ASSIGNED TASK — Exactly as they appear, set down all of the records.

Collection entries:
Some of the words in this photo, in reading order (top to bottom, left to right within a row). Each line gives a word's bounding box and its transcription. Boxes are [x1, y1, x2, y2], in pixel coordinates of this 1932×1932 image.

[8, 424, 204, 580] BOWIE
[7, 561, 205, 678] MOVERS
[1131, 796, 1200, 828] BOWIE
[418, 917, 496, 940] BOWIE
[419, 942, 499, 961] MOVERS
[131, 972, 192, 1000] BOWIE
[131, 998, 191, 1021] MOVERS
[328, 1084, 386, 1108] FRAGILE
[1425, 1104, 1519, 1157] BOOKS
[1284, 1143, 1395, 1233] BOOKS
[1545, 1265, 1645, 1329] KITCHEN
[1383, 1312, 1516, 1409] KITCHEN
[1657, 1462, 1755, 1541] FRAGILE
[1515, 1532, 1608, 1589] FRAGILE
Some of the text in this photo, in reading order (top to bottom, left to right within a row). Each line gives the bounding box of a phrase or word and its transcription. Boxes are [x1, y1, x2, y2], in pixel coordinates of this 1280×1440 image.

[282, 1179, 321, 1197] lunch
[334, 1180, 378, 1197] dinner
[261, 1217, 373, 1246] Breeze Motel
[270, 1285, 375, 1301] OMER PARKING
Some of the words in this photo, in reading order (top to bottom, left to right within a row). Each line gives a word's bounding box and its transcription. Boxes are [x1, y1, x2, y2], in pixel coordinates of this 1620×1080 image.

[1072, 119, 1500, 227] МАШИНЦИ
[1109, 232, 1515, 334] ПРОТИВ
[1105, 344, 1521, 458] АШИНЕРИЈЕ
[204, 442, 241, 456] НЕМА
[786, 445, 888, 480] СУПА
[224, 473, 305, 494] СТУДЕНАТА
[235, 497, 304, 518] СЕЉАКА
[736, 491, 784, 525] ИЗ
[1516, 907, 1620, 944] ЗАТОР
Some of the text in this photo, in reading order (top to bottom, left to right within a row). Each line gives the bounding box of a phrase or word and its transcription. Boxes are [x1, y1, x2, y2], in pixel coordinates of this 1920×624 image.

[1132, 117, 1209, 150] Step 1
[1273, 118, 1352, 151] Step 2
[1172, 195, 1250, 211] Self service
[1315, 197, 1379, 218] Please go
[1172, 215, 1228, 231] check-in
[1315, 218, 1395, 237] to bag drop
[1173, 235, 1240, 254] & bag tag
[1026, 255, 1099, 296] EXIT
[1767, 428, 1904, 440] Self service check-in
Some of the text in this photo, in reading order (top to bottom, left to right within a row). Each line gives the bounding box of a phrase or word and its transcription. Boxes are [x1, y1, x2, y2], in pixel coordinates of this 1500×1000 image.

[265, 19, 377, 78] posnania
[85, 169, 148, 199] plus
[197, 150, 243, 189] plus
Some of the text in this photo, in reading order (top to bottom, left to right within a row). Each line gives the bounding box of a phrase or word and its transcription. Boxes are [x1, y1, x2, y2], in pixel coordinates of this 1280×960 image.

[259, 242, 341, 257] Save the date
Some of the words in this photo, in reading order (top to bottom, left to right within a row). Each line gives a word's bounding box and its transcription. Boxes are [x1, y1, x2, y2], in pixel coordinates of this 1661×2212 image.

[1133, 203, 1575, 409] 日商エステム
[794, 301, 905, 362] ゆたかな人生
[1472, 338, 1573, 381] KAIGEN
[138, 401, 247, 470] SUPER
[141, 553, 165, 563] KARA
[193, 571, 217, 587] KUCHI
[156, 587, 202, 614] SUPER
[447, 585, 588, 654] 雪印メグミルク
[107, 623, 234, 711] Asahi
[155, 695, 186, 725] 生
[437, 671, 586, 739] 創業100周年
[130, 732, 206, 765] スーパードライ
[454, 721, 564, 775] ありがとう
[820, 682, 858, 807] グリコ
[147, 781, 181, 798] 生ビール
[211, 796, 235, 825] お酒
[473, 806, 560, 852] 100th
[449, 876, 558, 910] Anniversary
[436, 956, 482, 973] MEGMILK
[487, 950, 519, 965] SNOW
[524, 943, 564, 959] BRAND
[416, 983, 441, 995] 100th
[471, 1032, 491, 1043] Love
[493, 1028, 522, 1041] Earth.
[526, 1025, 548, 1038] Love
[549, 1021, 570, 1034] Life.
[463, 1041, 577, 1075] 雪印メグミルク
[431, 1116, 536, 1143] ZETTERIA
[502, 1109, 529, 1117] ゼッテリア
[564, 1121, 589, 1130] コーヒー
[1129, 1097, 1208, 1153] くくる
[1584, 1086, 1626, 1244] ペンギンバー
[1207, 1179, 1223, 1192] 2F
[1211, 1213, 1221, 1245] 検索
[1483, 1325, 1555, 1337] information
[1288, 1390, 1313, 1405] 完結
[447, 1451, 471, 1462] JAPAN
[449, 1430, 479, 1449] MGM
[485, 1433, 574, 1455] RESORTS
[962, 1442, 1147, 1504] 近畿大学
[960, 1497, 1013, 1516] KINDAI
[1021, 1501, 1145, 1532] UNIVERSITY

ANSWER BELOW —
Some of the words in this photo, in reading order (top to bottom, left to right within a row). Each line gives a word's bounding box and its transcription. Boxes are [x1, y1, x2, y2], in pixel coordinates of this 1932×1932 image.

[8, 424, 204, 580] BOWIE
[7, 561, 205, 678] MOVERS
[1131, 796, 1200, 828] BOWIE
[418, 917, 496, 940] BOWIE
[419, 942, 499, 961] MOVERS
[131, 972, 192, 1000] BOWIE
[131, 998, 191, 1021] MOVERS
[328, 1084, 386, 1108] FRAGILE
[1425, 1104, 1519, 1157] BOOKS
[1284, 1143, 1395, 1233] BOOKS
[1545, 1265, 1645, 1329] KITCHEN
[1383, 1312, 1516, 1409] KITCHEN
[1657, 1462, 1755, 1541] FRAGILE
[1515, 1532, 1608, 1589] FRAGILE
Some of the text in this photo, in reading order (top to bottom, left to right within a row). Each line gives the bounding box of a phrase or word and its transcription. Boxes are [x1, y1, x2, y2], in pixel coordinates of this 1280×1440 image.

[282, 1179, 321, 1197] lunch
[334, 1180, 378, 1197] dinner
[261, 1217, 373, 1246] Breeze Motel
[270, 1285, 375, 1301] OMER PARKING
Some of the words in this photo, in reading order (top to bottom, left to right within a row). Each line gives a word's bounding box and its transcription. Boxes are [x1, y1, x2, y2], in pixel coordinates of this 1620×1080 image.

[1072, 119, 1500, 227] МАШИНЦИ
[1109, 232, 1515, 334] ПРОТИВ
[1105, 344, 1521, 458] АШИНЕРИЈЕ
[204, 442, 241, 456] НЕМА
[786, 445, 888, 480] СУПА
[224, 473, 305, 494] СТУДЕНАТА
[235, 497, 304, 518] СЕЉАКА
[736, 491, 784, 525] ИЗ
[1516, 907, 1620, 944] ЗАТОР
Some of the text in this photo, in reading order (top to bottom, left to right within a row). Each line gives the bounding box of a phrase or word and its transcription. Boxes are [x1, y1, x2, y2], in pixel coordinates of this 1920×624 image.

[1132, 117, 1209, 150] Step 1
[1273, 118, 1352, 151] Step 2
[1172, 195, 1250, 211] Self service
[1315, 197, 1379, 218] Please go
[1172, 215, 1228, 231] check-in
[1315, 218, 1395, 237] to bag drop
[1173, 235, 1240, 254] & bag tag
[1026, 255, 1099, 296] EXIT
[1767, 428, 1904, 440] Self service check-in
Some of the text in this photo, in reading order (top to bottom, left to right within a row). Each line gives the bounding box of a phrase or word and its transcription. Boxes are [x1, y1, x2, y2], in pixel coordinates of this 1500×1000 image.

[265, 19, 377, 78] posnania
[85, 169, 148, 199] plus
[197, 150, 243, 189] plus
Some of the text in this photo, in reading order (top to bottom, left to right within a row). Each line gives the bounding box of a phrase or word and its transcription. Boxes are [x1, y1, x2, y2], in pixel coordinates of this 1280×960 image.

[259, 242, 341, 257] Save the date
Some of the words in this photo, in reading order (top to bottom, left to right within a row). Each line gives a word's bounding box and its transcription. Boxes are [x1, y1, x2, y2], in pixel coordinates of this 1661×2212 image.

[1133, 203, 1575, 409] 日商エステム
[794, 301, 905, 362] ゆたかな人生
[1472, 338, 1573, 381] KAIGEN
[138, 401, 247, 470] SUPER
[141, 553, 165, 563] KARA
[193, 571, 217, 587] KUCHI
[156, 587, 202, 614] SUPER
[447, 585, 588, 654] 雪印メグミルク
[107, 623, 234, 711] Asahi
[155, 695, 186, 725] 生
[437, 671, 586, 739] 創業100周年
[130, 732, 206, 765] スーパードライ
[454, 721, 564, 775] ありがとう
[820, 682, 858, 807] グリコ
[147, 781, 181, 798] 生ビール
[211, 796, 235, 825] お酒
[473, 806, 560, 852] 100th
[449, 876, 558, 910] Anniversary
[436, 956, 482, 973] MEGMILK
[487, 950, 519, 965] SNOW
[524, 943, 564, 959] BRAND
[416, 983, 441, 995] 100th
[471, 1032, 491, 1043] Love
[493, 1028, 522, 1041] Earth.
[526, 1025, 548, 1038] Love
[549, 1021, 570, 1034] Life.
[463, 1041, 577, 1075] 雪印メグミルク
[431, 1116, 536, 1143] ZETTERIA
[502, 1109, 529, 1117] ゼッテリア
[564, 1121, 589, 1130] コーヒー
[1129, 1097, 1208, 1153] くくる
[1584, 1086, 1626, 1244] ペンギンバー
[1207, 1179, 1223, 1192] 2F
[1211, 1213, 1221, 1245] 検索
[1483, 1325, 1555, 1337] information
[1288, 1390, 1313, 1405] 完結
[447, 1451, 471, 1462] JAPAN
[449, 1430, 479, 1449] MGM
[485, 1433, 574, 1455] RESORTS
[962, 1442, 1147, 1504] 近畿大学
[960, 1497, 1013, 1516] KINDAI
[1021, 1501, 1145, 1532] UNIVERSITY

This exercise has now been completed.